Exercise.
Except for the pictures, output the records in full and exactly.

Provided records.
※ ※ ※

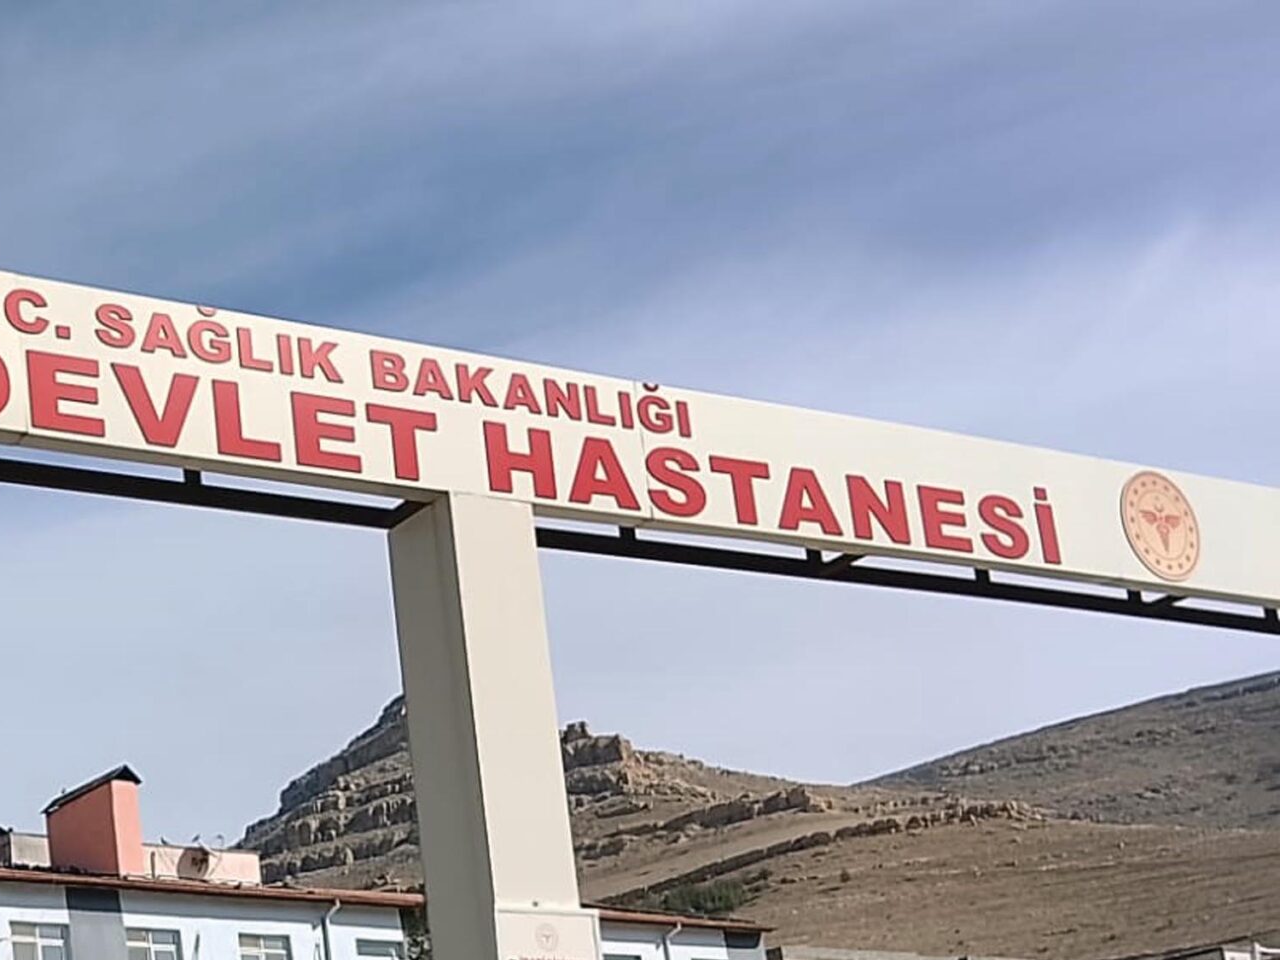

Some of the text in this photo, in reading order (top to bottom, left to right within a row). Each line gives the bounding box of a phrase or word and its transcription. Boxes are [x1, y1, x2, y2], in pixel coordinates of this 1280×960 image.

[95, 303, 344, 384] SAĞLIK
[369, 349, 693, 439] BAKANLIĞI
[482, 420, 1063, 565] HASTANESİ
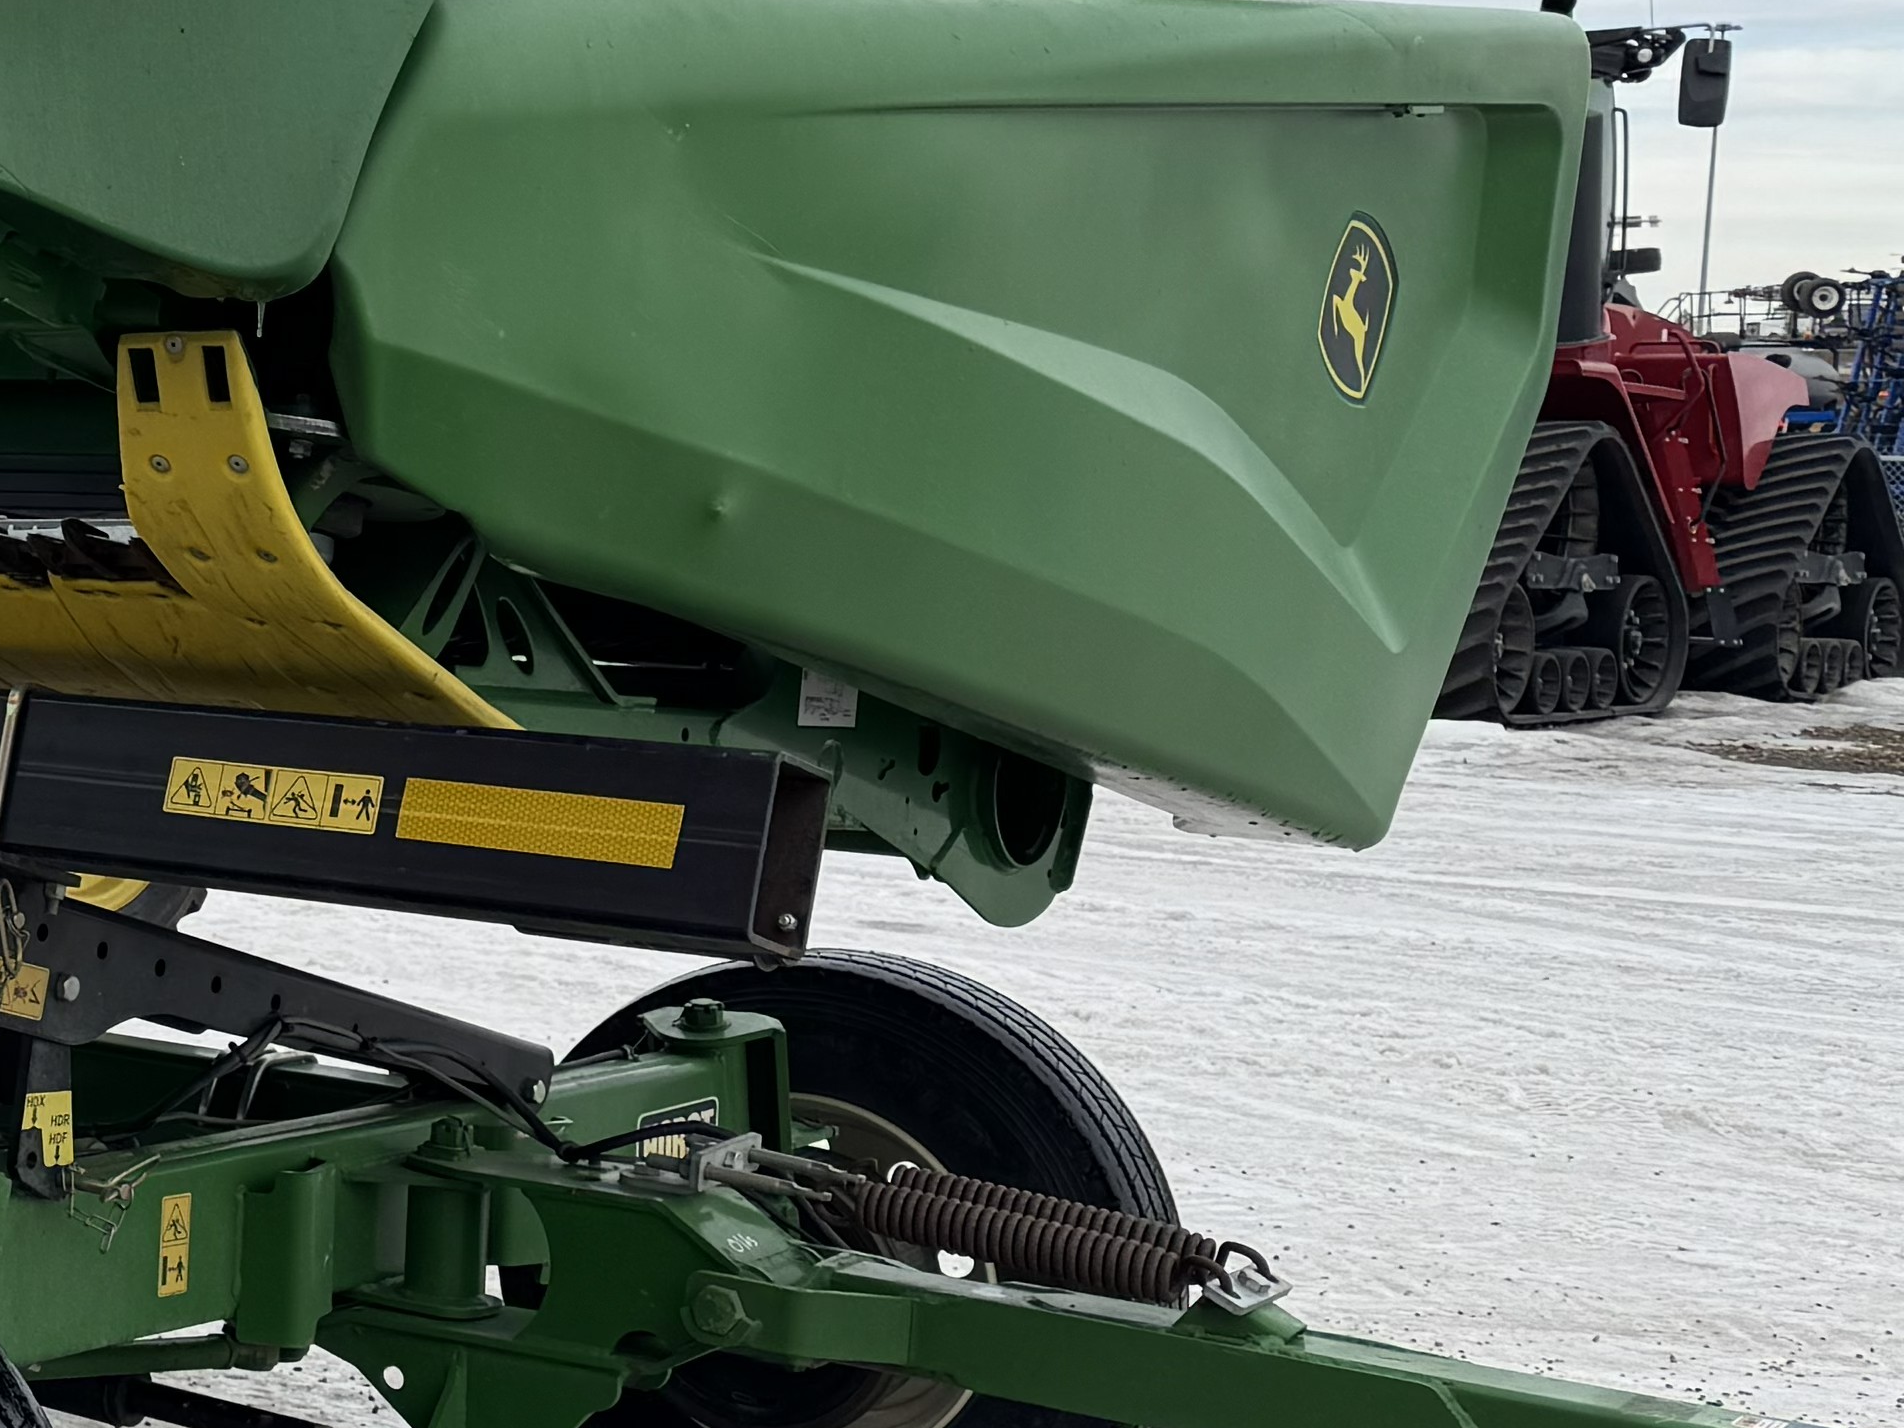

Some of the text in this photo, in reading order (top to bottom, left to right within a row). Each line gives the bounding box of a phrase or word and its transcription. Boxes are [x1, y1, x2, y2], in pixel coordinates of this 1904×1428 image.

[26, 1094, 46, 1107] HDX
[50, 1113, 70, 1127] HDR
[48, 1131, 68, 1145] HDF

※ ※ ※

Reply to the exercise.
Some of the text in this photo, in reading order (top to bottom, left to right within a row). Each line gives the bounding box of a phrase or word and its transcription. Boxes are [x1, y1, x2, y2], in pixel coordinates of this 1280×960 image.

[95, 303, 344, 384] SAĞLIK
[369, 349, 693, 439] BAKANLIĞI
[482, 420, 1063, 565] HASTANESİ

Some of the text in this photo, in reading order (top to bottom, left to right within a row). Each line gives the bounding box of a phrase or word and its transcription. Boxes are [x1, y1, x2, y2], in pixel coordinates of this 1904×1428 image.

[26, 1094, 46, 1107] HDX
[50, 1113, 70, 1127] HDR
[48, 1131, 68, 1145] HDF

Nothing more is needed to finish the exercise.